Finding myself with an hour to kill before a performance of Robert Carsen’s new production of Aida at the Royal Opera House earlier this week, I settled down in a small bar in Covent Garden with a glass of wine and a copy of If Not Critical – an edition of ten lectures by Eric Griffiths which were originally delivered at the Faculty of English at Cambridge University. ‘A rehearsal of Hamlet’ begins with reflections on the various small changes to the title of Shakespeare’s play – ‘Revenge’, ‘Tragedie’ and ‘True Chronicle Historie’ appeared in turn in early printings – leading Griffiths to reflect on the play’s genre and more generally on the critical opinion in Shakespeare’s time about the boundary between history and poetry. Drawing on Aristotle’s Poetics, he suggests, ‘History tells us what in fact happened, poetry lays out the pattern according to which we could have seen the events coming’.

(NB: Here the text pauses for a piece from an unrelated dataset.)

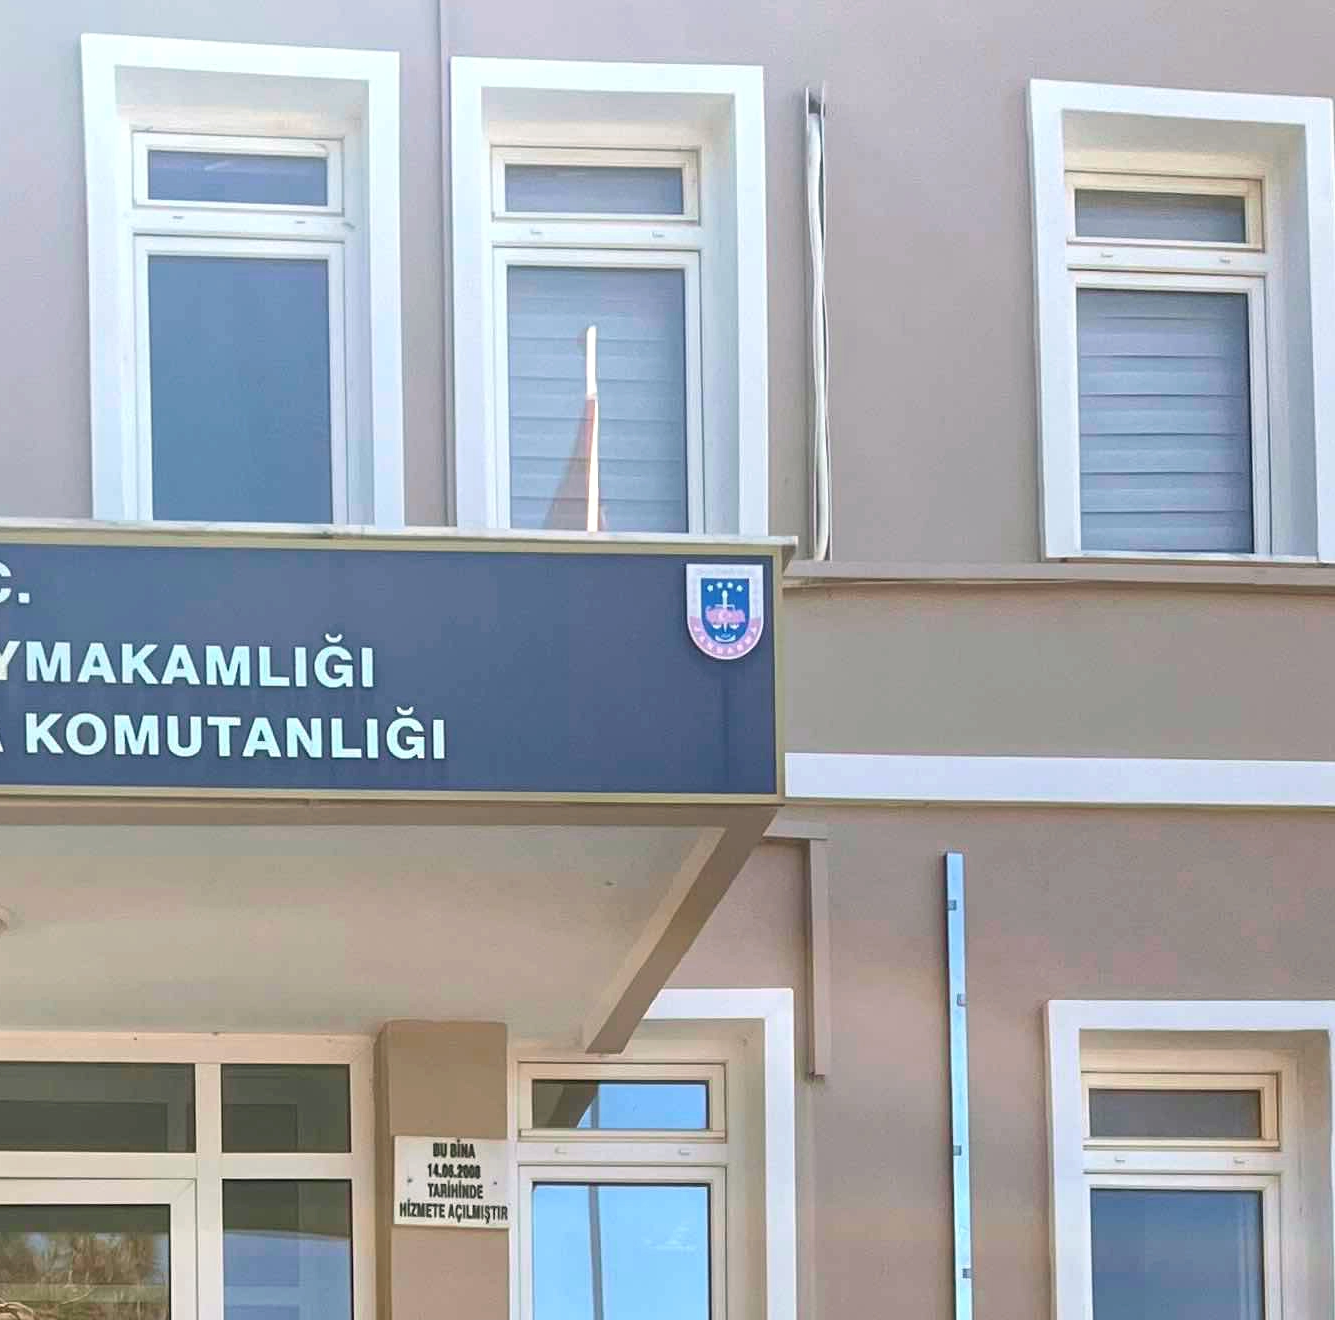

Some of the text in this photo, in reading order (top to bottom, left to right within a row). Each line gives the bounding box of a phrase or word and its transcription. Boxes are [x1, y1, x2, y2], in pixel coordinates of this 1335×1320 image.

[25, 705, 446, 760] KOMUTANLIĞI
[432, 1138, 476, 1159] BU BİNA
[427, 1180, 484, 1199] TARİHİNDE
[399, 1198, 509, 1224] HİZMETE AÇILMIŞTIR

Griffiths’ ensuing intellectual and critical probing is characteristically wide-ranging in its allusiveness and broad in its conceptualisation. But, this distinction between history and poetry – and Aristotle’s assertion of the greater ‘philosophic and graver import’ of the latter, ‘since its statements are of the nature rather of universals, whereas those of history are singulars’ – stayed in my mind during the opera performance later that evening, since it seemed to me that one might argue that Carsen had sought to position Aida as poetry – representing Aristotle’s universals, ‘what such or such a kind of man will probably or necessarily say or do’ – rather than as ‘history’.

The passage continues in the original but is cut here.